AerFi's shareholders included the Texas Pacific Group, owned by Ryanair chairman David Bonderman.
This new company was subsequently sold to Debis AirFinance NV, the aircraft leasing arm of the DaimlerChrysler Group, in 2000.[5]
[edit] Legacy
Many of the directors and staff of GPA subsequently went on to work in other Commercial Aircraft Sales and Leasing firms, such as GECAS, CIT, ILFC, Debis (now AerCap), RBS and Aircastle. The availability of this cadre of highly trained specialists in Ireland is one of the principal reasons (along with a favourable corporate tax environment associated with the International Financial Services Centre in Dublin) why the country has become one of the worldwide centres of the Commercial Aircraft Sales and Leasing industry.
[edit] Sponsorship
During the Ethiopian famine, GPA sponsored two airlifts of emergency supplies in October and November of 1984.[6] A number of other, mainly artistic endeavours, benefited from sponsorship by GPA that included the following, among others. In 1988 the first GPA Dublin International Piano Competition took place and was won by Philippe Cassard.[7] In 1984 Robert Armstrong won the Guinness Peat Aviation Awards for Emerging Artists[8] and in 1986 Eithne Jordan won during the show held in Dublin. One of the exhibitors was Vincent Killowry and in 1987 GPA bought most of the works at his first one man show in Limerick.[9] In 1989 John Banville received the Guinness Peat Aviation Book Award for his novel The Book of Evidence, also shortlisted for the Booker Prize for Fiction. Also in 1989 the Foynes Flying Boat Museum [11], at its inception, was sponsored as the GPA Foynes Flying Boat Museum.

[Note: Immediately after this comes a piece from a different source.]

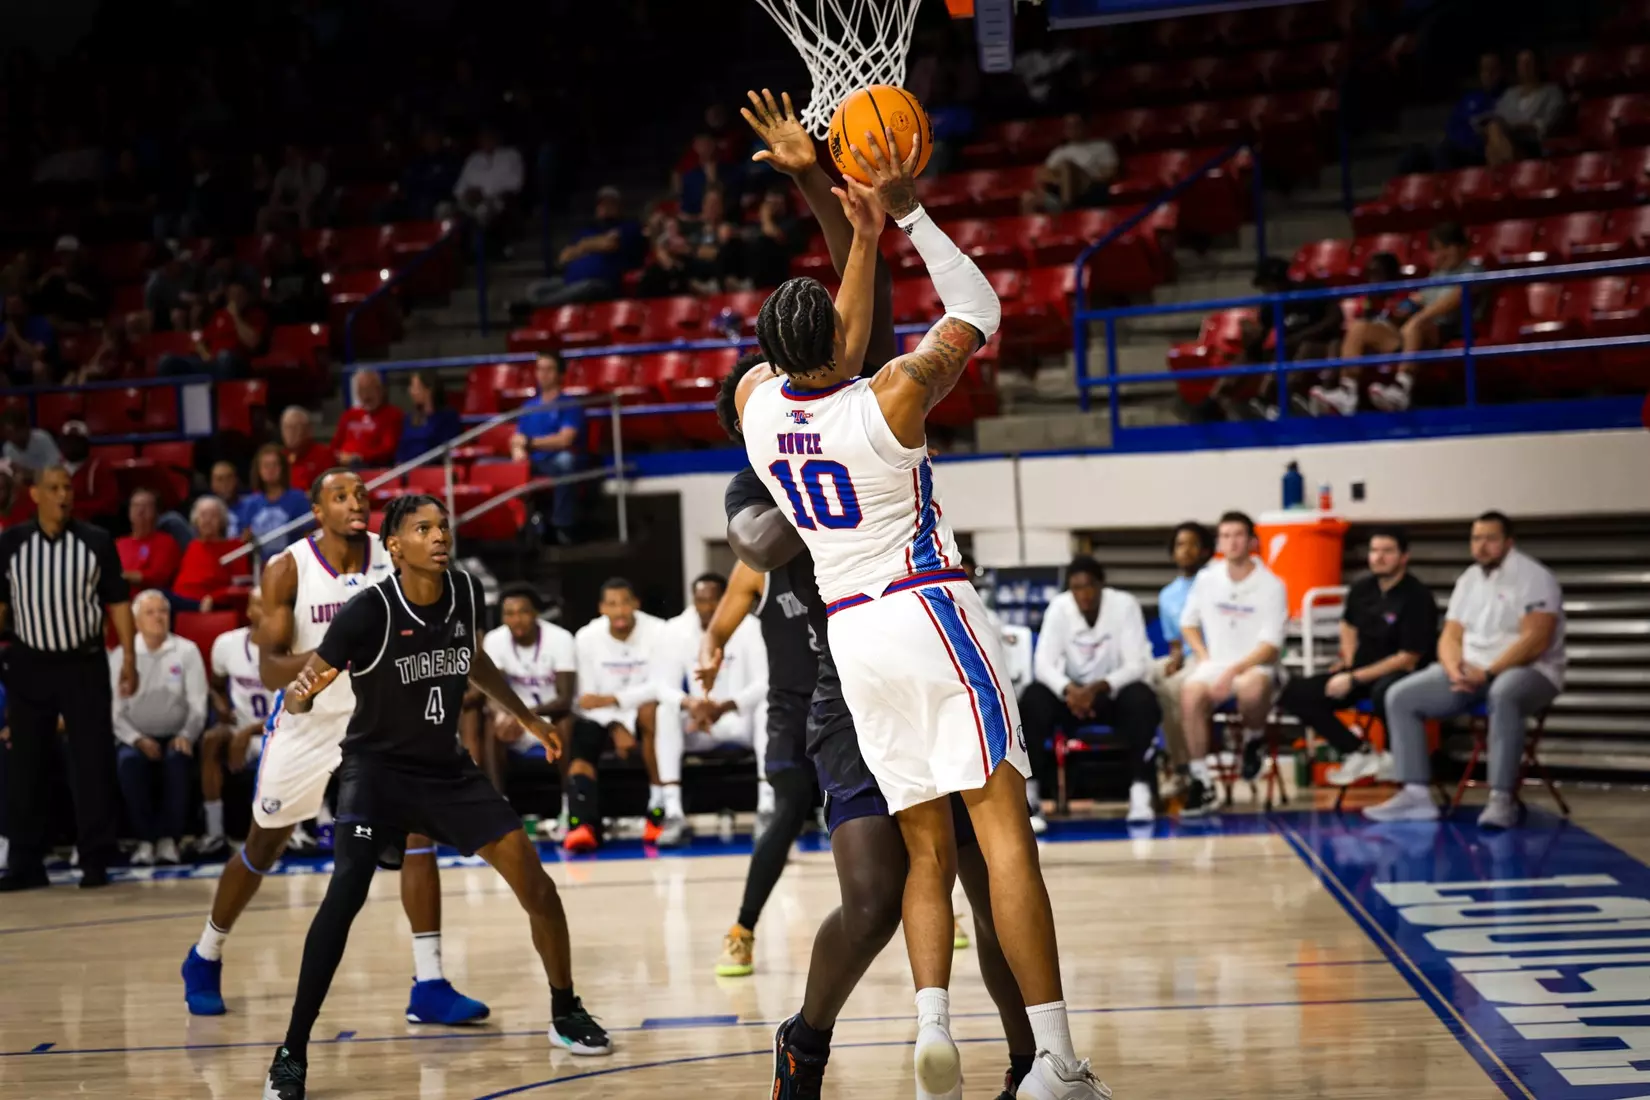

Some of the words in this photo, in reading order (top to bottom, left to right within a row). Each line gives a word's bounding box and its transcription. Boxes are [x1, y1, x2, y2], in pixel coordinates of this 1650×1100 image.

[768, 459, 863, 531] 10
[776, 591, 808, 619] TI
[395, 646, 472, 685] TIGERS
[424, 686, 445, 725] 4

A statue of Daedalus, sculpted by John Behan was presented to the people of Ennis to mark the town's 750th anniversary in 1990.[10]
[edit] Sources
- ^ [1] New York Times article Guinness Peat In Joint Venture (retrieved 2 August 2006)
- ^ [2] Spinwatch: Ministers and the Money Men (retrieved 27 September 2006)
- ^ [3] New York Times article Guinness Peat In Joint Venture (retrieved 2 August 2006)
- ^ [4] Irish Independent article Airline crises to hasten mergers among plane lessors (retrieved 2 August 2006) (Requires registration)
- ^ [5] The Sunday Business Post article 'Ryanisation' of Aer Lingus and Aer Rianta (retrieved 2 August 2006)
- ^ [6] Irish parliamentary debate Aid for Developing Countries (retrieved 4 August 2006)
- ^ [7] New York Times review of Philippe Cassard New York debut at Alice Tully Hall (retrieved 2 August 2006)
- ^ [8] Robert Armstrong's recent exhibitions (retrieved 2 August 2006)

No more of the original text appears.